Yeah it really is ridiculous! Probably happens on many PP fields everyday in America by so-called trainers. Just something for PETA to get their hands on to belittle and discredit the need for alll civilian training.


----------



## Bob Scott (Mar 30, 2006)

It can happen on ANY bite training field. PPD or sport. To many macho "helpers" out there that feel the need to prove your dog is crap. Like I said, they're stroking their own egos.


----------



## Chris McDonald (May 29, 2008)

Kyle Sprag said:


> Looks like PP training to me............:-o:-k8-[:-k:-$


thats funny


----------



## Chris McDonald (May 29, 2008)

I don’t know much but it looked like a train wreck to me. Is there ever a chance that one of these running dogs would ever turn around and bite? I don’t think so and even if they did I don’t see a benefit to it. I thought the decoy was supposed to be of a help? If a dog looks as if its gona run arent they supposed to cool off and help get the dog to bite? And you got a real problem if you post this stuff


----------



## Bob Scott (Mar 30, 2006)

Chris McDonald said:


> I don’t know much but it looked like a train wreck to me. Is there ever a chance that one of these running dogs would ever turn around and bite? I don’t think so and even if they did I don’t see a benefit to it. I thought the decoy was supposed to be of a help? If a dog looks as if its gona run arent they supposed to cool off and help get the dog to bite? And you got a real problem if you post this stuff


Corner a dog like this and there is a darn good chance it will bite.


----------



## Timothy Stacy (Jan 29, 2009)

Bob Scott said:


> Corner a dog like this and there is a darn good chance it will bite.

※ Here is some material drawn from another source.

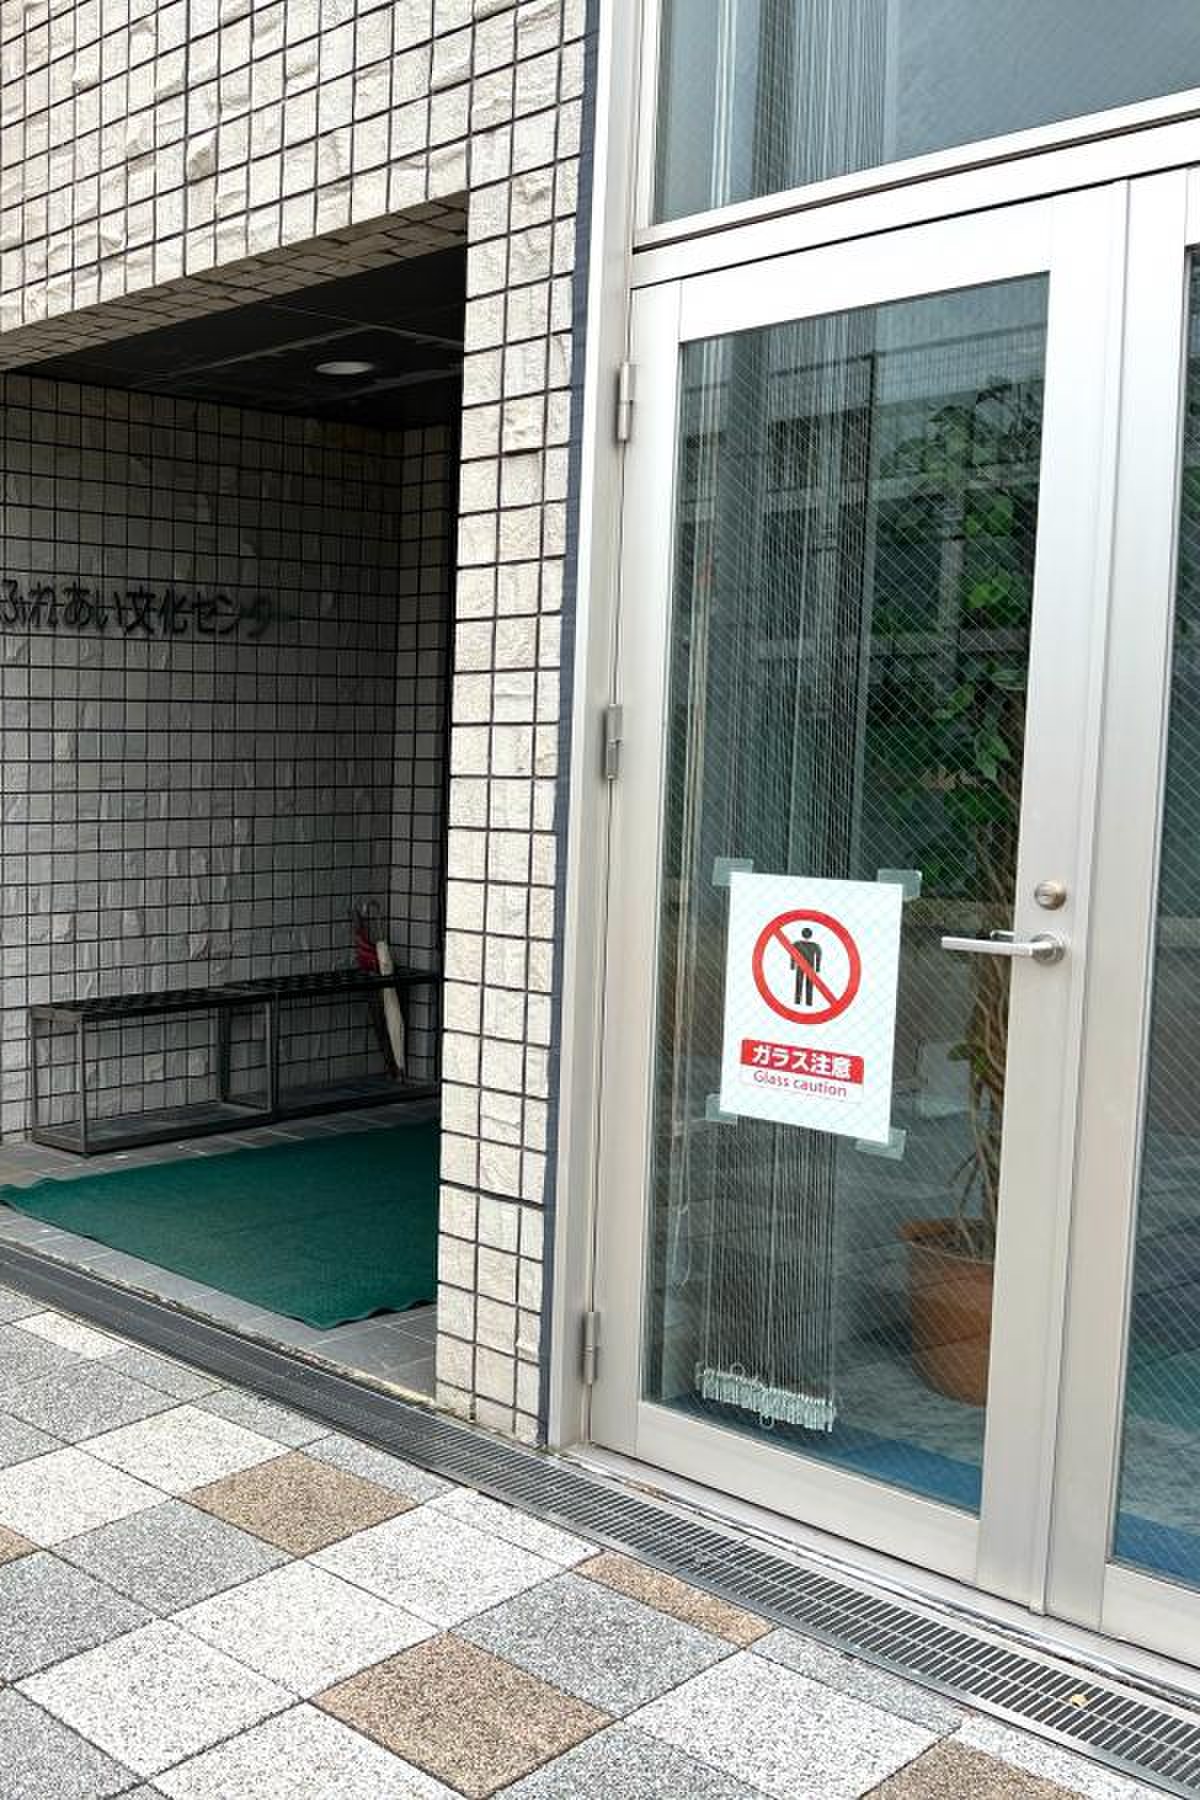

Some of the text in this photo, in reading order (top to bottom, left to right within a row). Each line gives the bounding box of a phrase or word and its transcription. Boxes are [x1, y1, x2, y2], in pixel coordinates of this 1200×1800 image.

[752, 1044, 853, 1079] ガラス注意
[753, 1069, 847, 1098] Glass caution

Hopefully right in the nuts


----------



## Mike Lauer (Jul 26, 2009)

WTF is he doing?
wow...dog ruined, hope the owner didn't pay much money or invest much time in him cause hes worthless now

WTF?


----------



## Nicole Stark (Jul 22, 2009)

Bob Scott said:


> Corner a dog like this and there is a darn good chance it will bite.


I'm guessing the Ovcharka (if that's what it was) had the best chance to hammer someone good if it did. What a lame deal for all of them dogs.


----------



## Chris McDonald (May 29, 2008)

Bob Scott said:


> Corner a dog like this and there is a darn good chance it will bite.


 
Will it be a real bite or just a bitch snap and then run? And then what do you have after this? I would not think you improved your dog by getting him to bite like that. I would rather my dog not have to be chased to have to bite? I would think these dogs would be a mess after this. 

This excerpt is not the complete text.